Records from a data collection
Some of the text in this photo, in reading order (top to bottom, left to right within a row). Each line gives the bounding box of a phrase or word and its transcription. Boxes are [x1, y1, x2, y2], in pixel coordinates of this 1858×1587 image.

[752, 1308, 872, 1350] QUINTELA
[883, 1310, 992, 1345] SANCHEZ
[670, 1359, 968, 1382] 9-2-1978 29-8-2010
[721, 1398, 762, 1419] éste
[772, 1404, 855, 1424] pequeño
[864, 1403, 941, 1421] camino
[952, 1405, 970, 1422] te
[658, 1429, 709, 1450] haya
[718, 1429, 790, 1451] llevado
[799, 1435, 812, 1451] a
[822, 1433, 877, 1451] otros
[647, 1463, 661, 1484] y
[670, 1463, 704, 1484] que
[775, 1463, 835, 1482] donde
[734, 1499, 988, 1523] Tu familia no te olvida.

WHAT YOU ARE ASKED TO DO >>
This calls for repeating all of the records, character for character.

RESULT >>
Some of the text in this photo, in reading order (top to bottom, left to right within a row). Each line gives the bounding box of a phrase or word and its transcription. Boxes are [x1, y1, x2, y2], in pixel coordinates of this 1858×1587 image.

[752, 1308, 872, 1350] QUINTELA
[883, 1310, 992, 1345] SANCHEZ
[670, 1359, 968, 1382] 9-2-1978 29-8-2010
[721, 1398, 762, 1419] éste
[772, 1404, 855, 1424] pequeño
[864, 1403, 941, 1421] camino
[952, 1405, 970, 1422] te
[658, 1429, 709, 1450] haya
[718, 1429, 790, 1451] llevado
[799, 1435, 812, 1451] a
[822, 1433, 877, 1451] otros
[647, 1463, 661, 1484] y
[670, 1463, 704, 1484] que
[775, 1463, 835, 1482] donde
[734, 1499, 988, 1523] Tu familia no te olvida.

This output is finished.